2020年07月27日 サッカーダイジェストWeb編集部

最後に選ばれた9連覇の「鍵」は?

足踏みをする時もあったが、最後は地力を見せつけたのが、ユベントスだ。 (C) Getty Images

 現地時間7月26日に開催されたセリエA第36節で、ユベントスはサンプドリアにホームで2-0と勝利し、9年連続36回目の優勝を決めた。マウリツィオ・サッリ監督にとっては、母国イタリアでの初タイトルだ。

 新型コロナウイルスの影響で、リーグが3か月も中断した異例のシーズンは、サッリ体制になって1年目のユーベにとって簡単な一年ではなかった。

 それでも、OBのアントニオ・コンテ率いるインテルや、シーズン中断時点で勝点1差だったラツィオを引き離し、ユーベは9連覇という偉業を成し遂げた。イタリア紙『Gazzetta dello Sport』は、そんな絶対王者の鍵となった5つのポイントを分析している。

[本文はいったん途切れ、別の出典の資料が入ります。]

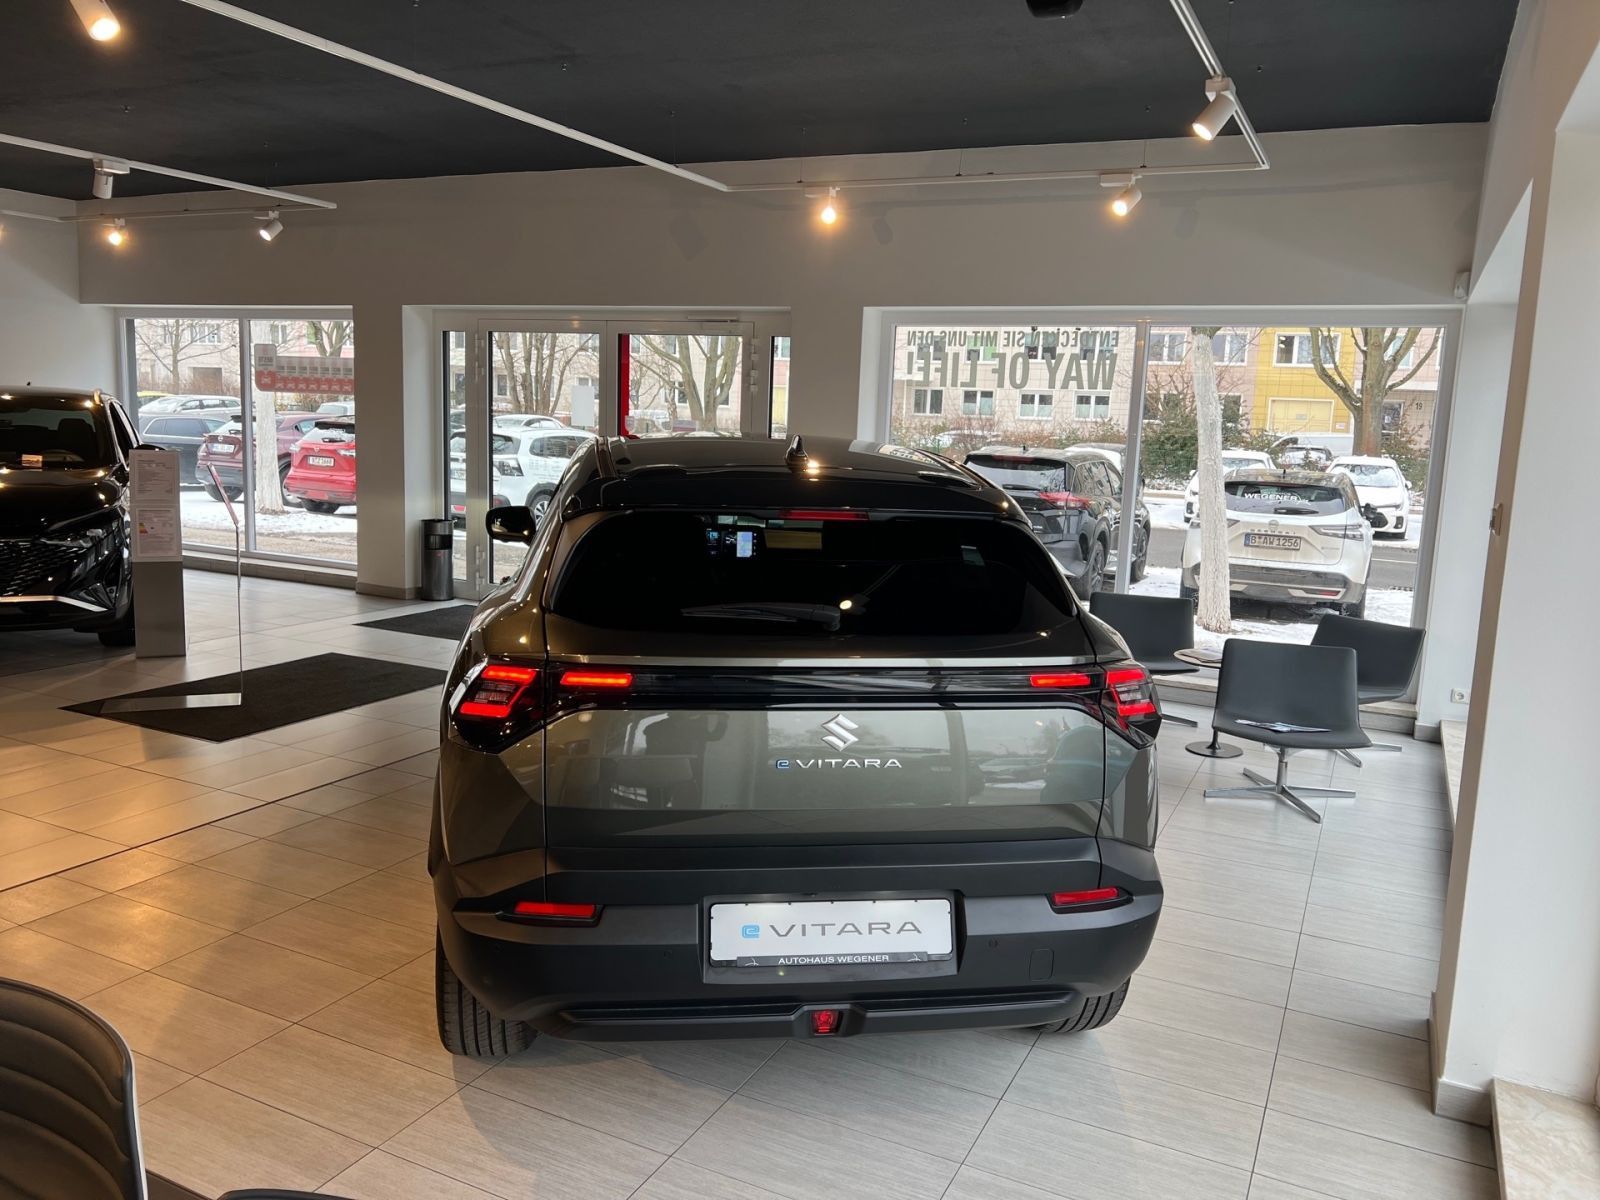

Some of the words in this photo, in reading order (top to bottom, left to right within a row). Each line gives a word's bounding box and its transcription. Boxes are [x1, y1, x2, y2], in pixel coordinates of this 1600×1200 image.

[1415, 402, 1423, 411] 19
[1244, 492, 1297, 501] WEGENER
[1250, 535, 1257, 544] B
[1262, 536, 1275, 546] AW
[1276, 537, 1299, 548] 1256
[795, 758, 903, 769] VITARA
[769, 921, 923, 938] VITARA
[778, 955, 836, 966] AUTOHAUS
[838, 954, 889, 964] WEGENER

 同紙がまず選んだのは、開幕前にパウロ・ディバラが残留したことだった。

 昨シーズンに、不本意な出来に終わった背番号10は、昨夏にマンチェスター・ユナイテッドやトッテナムなどへの移籍が取りざたされたのは記憶に新しい。だが、最終的に残留し、スクデット獲得のキーマンのひとりとなる活躍を見せた。

 2つめのポイントは、第2節のナポリ戦。近年のリーグで覇権を競い、今季も対抗馬の一角だったライバルとの直接対決で、ユーベは3点を先行しながら終盤に追いつかれる。だが、92分にカリドゥ・クリバリのオウンゴールで勝ち越しに成功。幸運にも恵まれた。

 3つめは、開幕6連勝とロケットスタートに成功したインテルとの直接対決を制したこと。敵地サン・シーロでの第7節の対戦では、ゴンサロ・イグアインの決勝点で2-1と勝利。『Gazzetta dello Sport』は、この決勝点が「全般的にはネガティブだったイグアインの今シーズンにおいてもっとも重要な一発」だったと評している。
 
 そして、4つめは、新戦力マタイス・デリフトのブレイクである。

 ジョルジョ・キエッリーニの長期離脱により、レオナルド・ボヌッチの相棒としてレギュラーの座をつかんだオランダ代表DFは、序盤戦こそハンドによるPK献上などが騒がれたが、『Gazzetta dello Sport』は、特にロックダウン後、ユーベの守備が不安定な中で、「デリフトがいなければもっと失点していた」と長年とどめるべきタレントと賛辞を寄せた。

 そして最後は、ナポリとのコッパ・イタリア決勝で敗れた直後の重鎮たちの"喝"だ。

 シーズン再開直後のユーベは、ミランとのコッパ準決勝第2レグ、そしてナポリとの決勝と、低調なパフォーマンスで批判を浴びた。『Gazzetta dello Sport』は、そこでジャンルイジ・ブッフォン、ボヌッチ、そしてキエッリーニが声を上げたことで、ユーベが苦しみながらも逃げ切りに成功したと伝えている。

 ナポリ時代にサッリが披露したようなスペクタクルなサッカーを見せられず、近年では珍しい失点や取りこぼしもあっただけに、厳しい評価もあるユベントス。だが、前人未到の9連覇という偉業を成し遂げたことへの賛辞は止まらない。